Lucie m’a appris une autre acception de la relation symbiotique. Elle m’a expliqué qu’on appelait ainsi la relation entre la mère (ou le parent le plus proche) et son nouveau-né. On l’appelle ainsi parce que la mère apporte ses réponses aux besoins du nouveau-né immédiatement. Le nouveau-né n’existe qu’à travers cette relation symbiotique, il en a besoin pour survivre. Il a besoin du regard de l’autre pour exister, il a besoin de l’autre pour tous ses besoins, et la mère (ou le parent le plus proche) répond sans faire attendre, ce qui n’est pas le cas plus le bébé grandit.

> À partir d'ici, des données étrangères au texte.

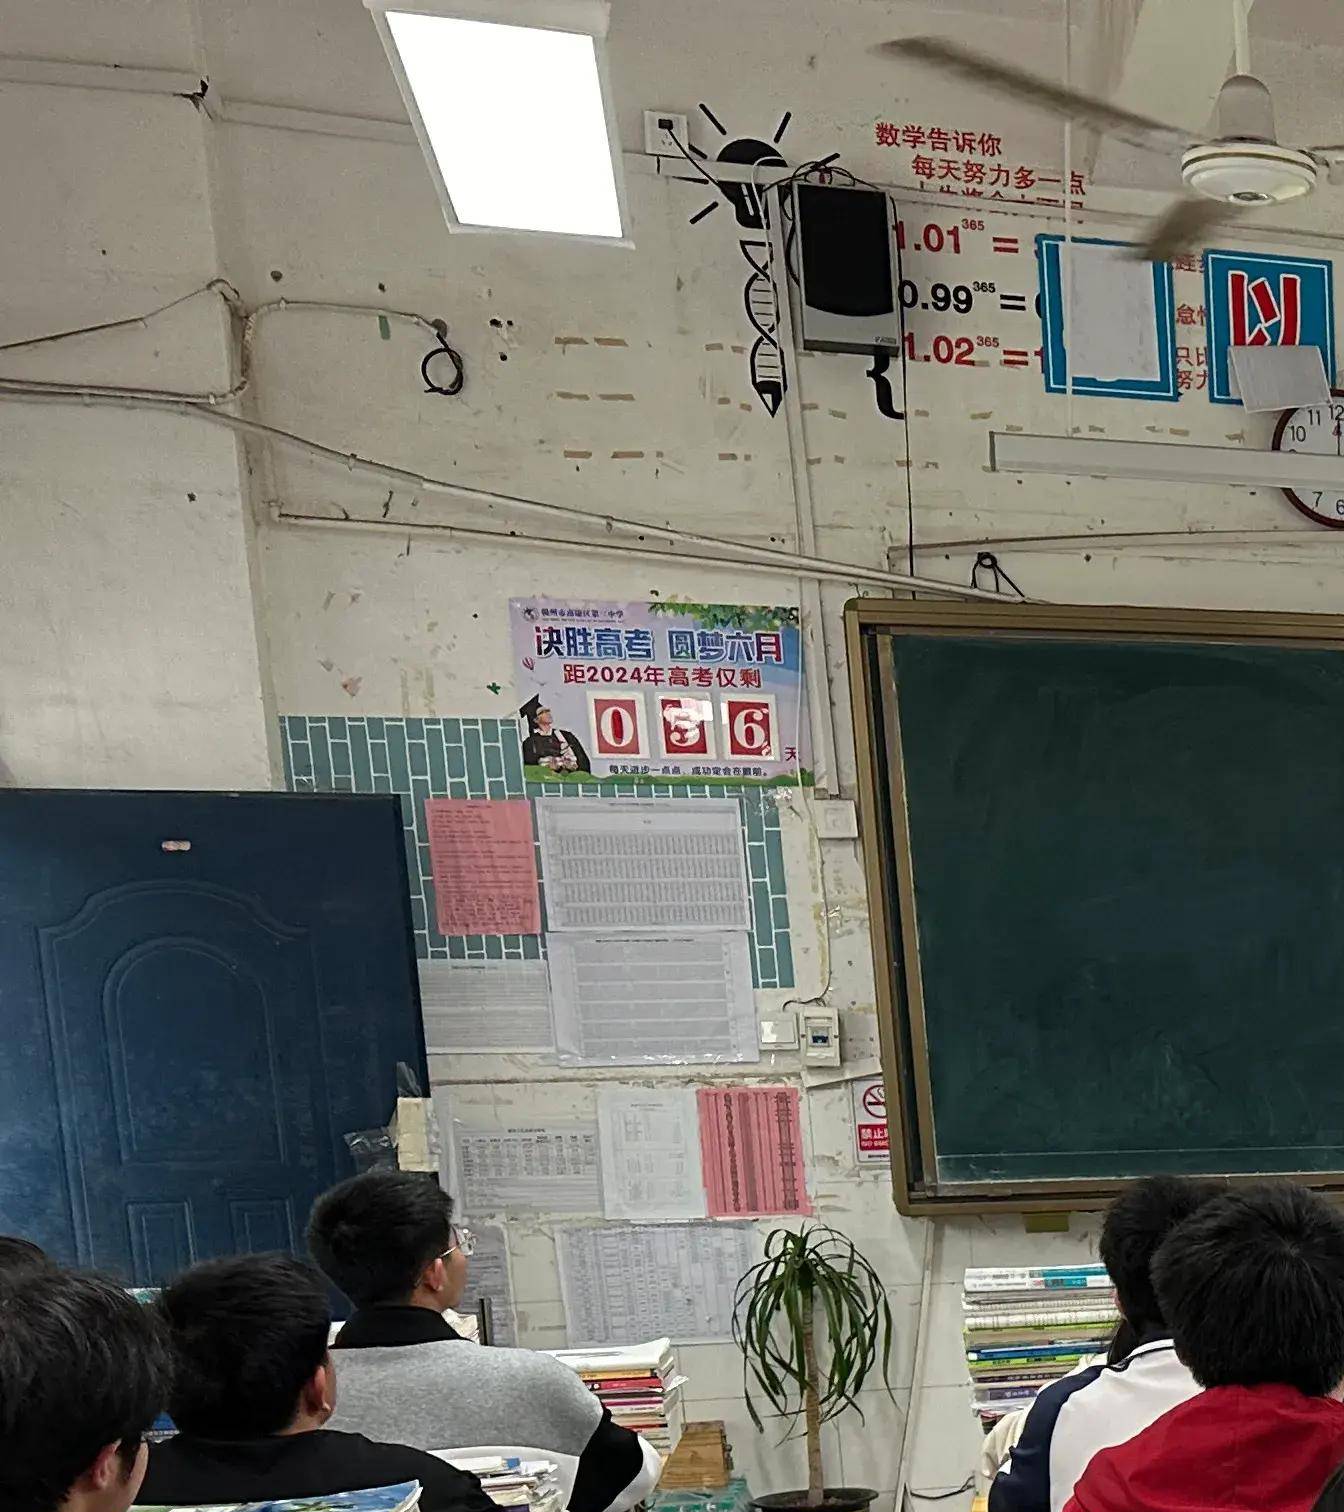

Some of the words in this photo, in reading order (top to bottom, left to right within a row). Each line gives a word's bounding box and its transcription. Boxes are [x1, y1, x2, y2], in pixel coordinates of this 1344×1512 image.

[876, 122, 1002, 158] 数学告诉你
[912, 154, 1087, 196] 每天努力多一点
[1307, 409, 1322, 427] 11
[1328, 404, 1344, 421] 12
[1290, 426, 1307, 443] 10
[1312, 492, 1323, 508] 7
[534, 625, 654, 661] 决胜高考
[667, 629, 785, 665] 圆梦六月
[563, 664, 762, 689] 距2024年高考仅剩
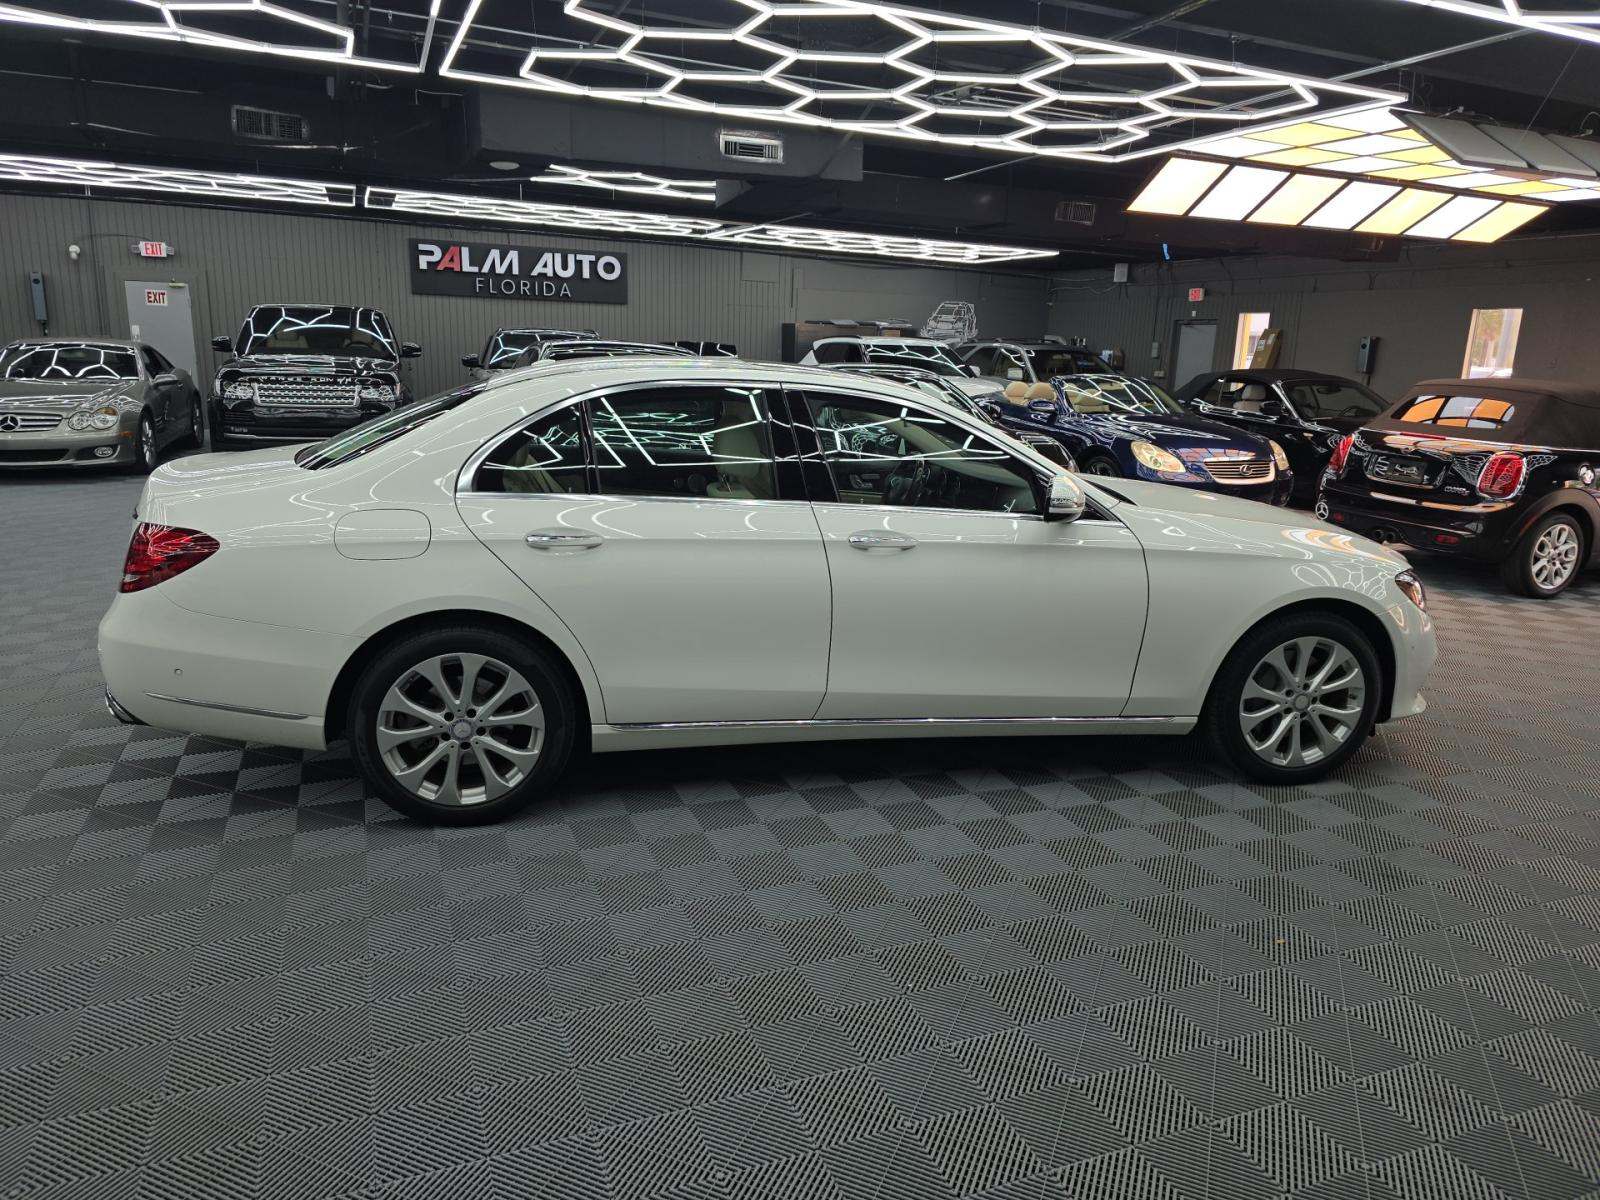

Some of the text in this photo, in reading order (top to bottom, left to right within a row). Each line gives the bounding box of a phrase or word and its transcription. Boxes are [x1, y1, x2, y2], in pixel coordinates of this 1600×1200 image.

[144, 242, 163, 256] EXIT
[418, 243, 622, 281] PALM AUTO
[475, 277, 572, 297] FLORIDA
[146, 291, 166, 305] EXIT
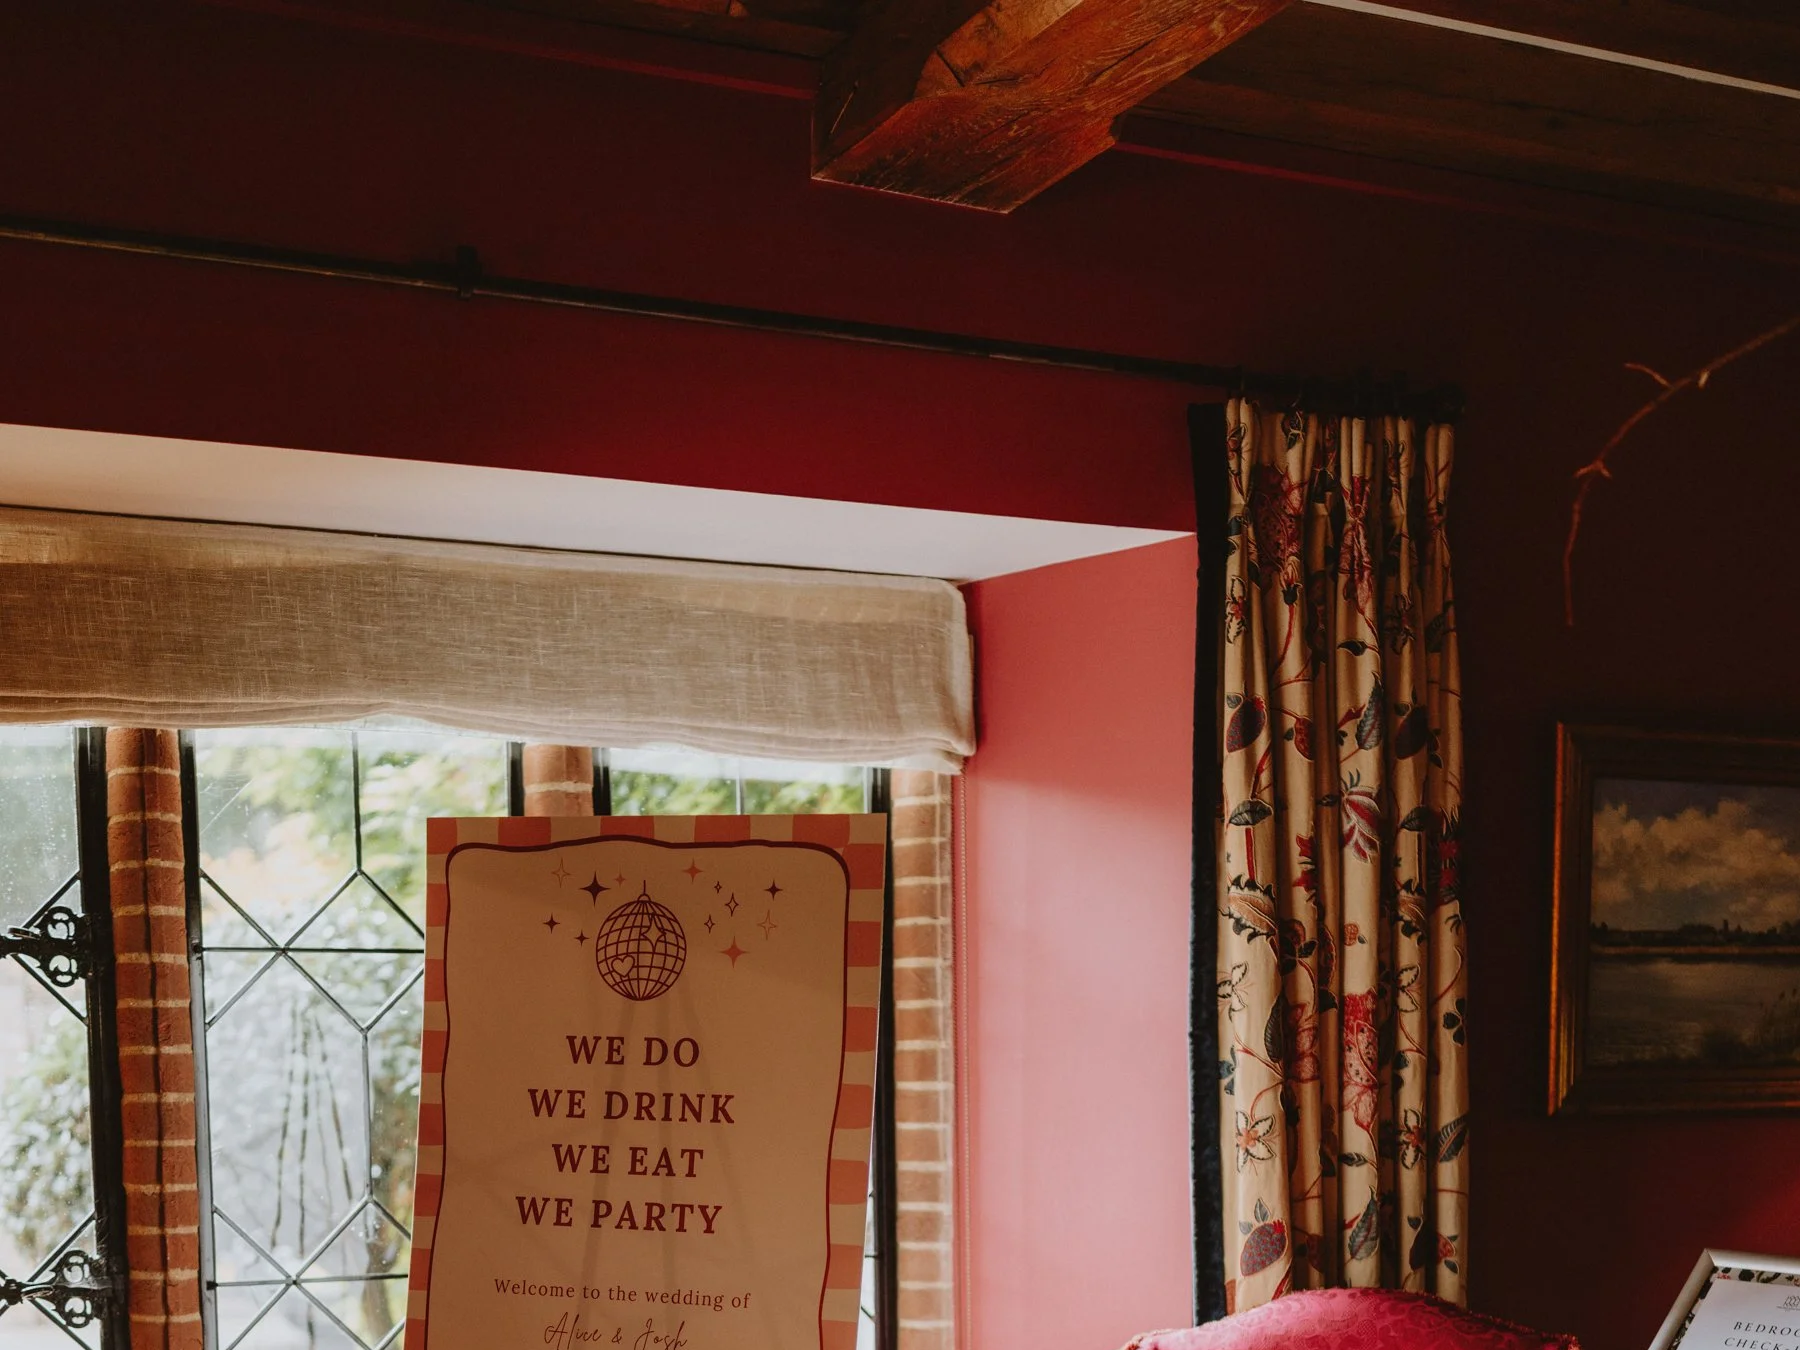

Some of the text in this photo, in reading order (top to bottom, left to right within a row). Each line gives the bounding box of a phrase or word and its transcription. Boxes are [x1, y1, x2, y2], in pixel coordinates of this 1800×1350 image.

[566, 1035, 700, 1068] WE DO
[527, 1088, 735, 1124] WE DRINK
[551, 1143, 704, 1178] WE EAT
[515, 1196, 722, 1234] WE PARTY
[494, 1278, 751, 1312] Welcome to the wedding of
[611, 1327, 622, 1344] &
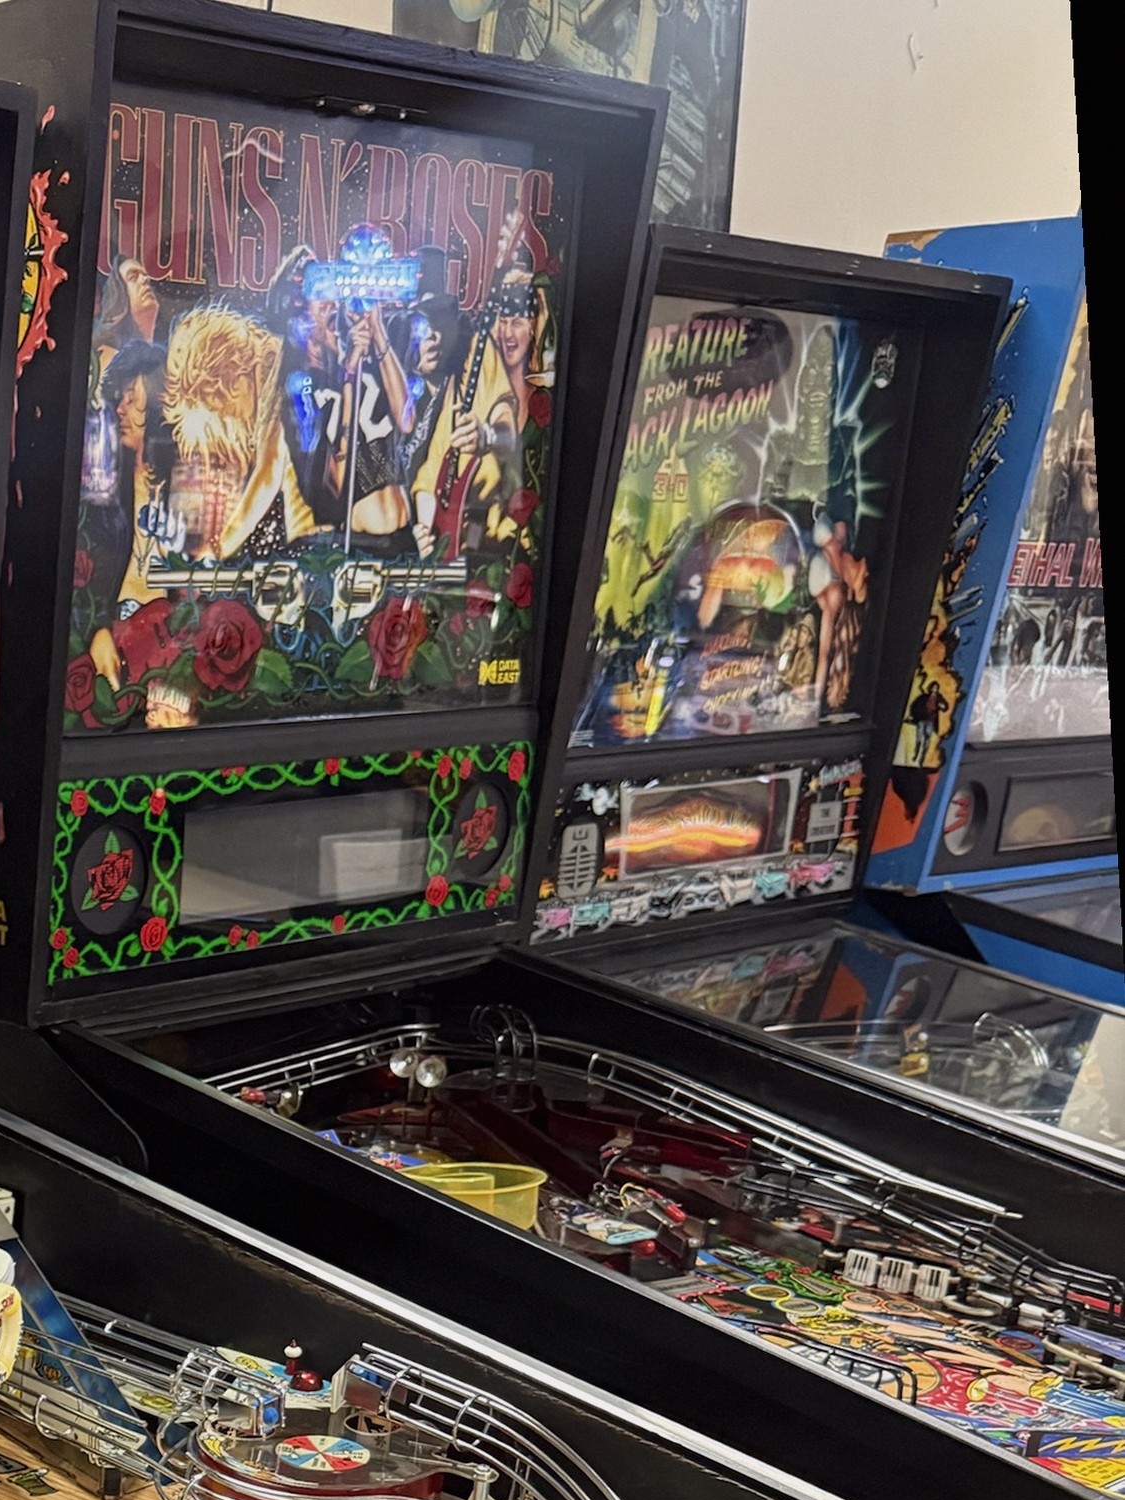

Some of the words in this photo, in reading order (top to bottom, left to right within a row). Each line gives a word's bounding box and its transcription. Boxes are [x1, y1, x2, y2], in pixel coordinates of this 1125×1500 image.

[96, 102, 285, 293] GUNS
[367, 143, 554, 310] ROSES
[640, 317, 753, 382] REATURE
[643, 379, 688, 415] FROM
[693, 371, 724, 395] THE
[624, 407, 677, 473] ACK
[675, 379, 774, 456] LAGOON
[1007, 541, 1075, 587] ETHAL
[497, 672, 521, 684] EAST

Aujourd’hui, je ne veux plus de relation symbiotique. J’existe par moi-même et pour moi-même. Je n’ai pas besoin de l’autre pour survivre et encore moins pour vivre. Et je ne veux pas que l’autre vive à travers moi non plus. Je suis une personne à part entière.

En ce qui concerne mes autres personnalités, j’ai pu expliquer que je ne les entends plus et que ça me chagrine, mais Lucie m’a permis de voir qu’elles continuent à s’exprimer à travers moi et que je les perçois autrement, par d’autres sens. J’aurais voulu les entendre encore, entendre leurs voix, leurs avis, leurs goûts, leurs besoins… mais ils s’expriment désormais de manière moins intrusive par d’autres biais. C’est un peu vicieux, je trouve, même si Lucie trouve que c’est une bonne chose. Qu’elles soient un peu plus intégrées et que nous formons une personnalité un peu plus unie, même si je suis encore marquée par le fait que nous avons été très séparées dans le passé. Cela étant, elle comprend que j’ai peur et que leurs voix me manquent.

J’ai pu parler de plusieurs relations différentes, du transfert (et parfois contre-transfert) dans ces liens, comment pour certains d’entre eux j’aurais voulu que ce soit autrement. C’était très riche. C’est moins flou pour moi maintenant. Et je me sens encore plus sécurisée dans cette relation, dans ce lien, où je peux expérimenter plein de choses sans me faire abandonner ou rejeter.

J’aurais voulu enregistrer cet entretien pour le garder avec moi et le réécouter à loisir, pour ne pas en perdre une miette, mais je dois me contenter de le réécouter mentalement et d’enregistrer par écrit ce que j’en retiens pour me relire quand j’en ai besoin.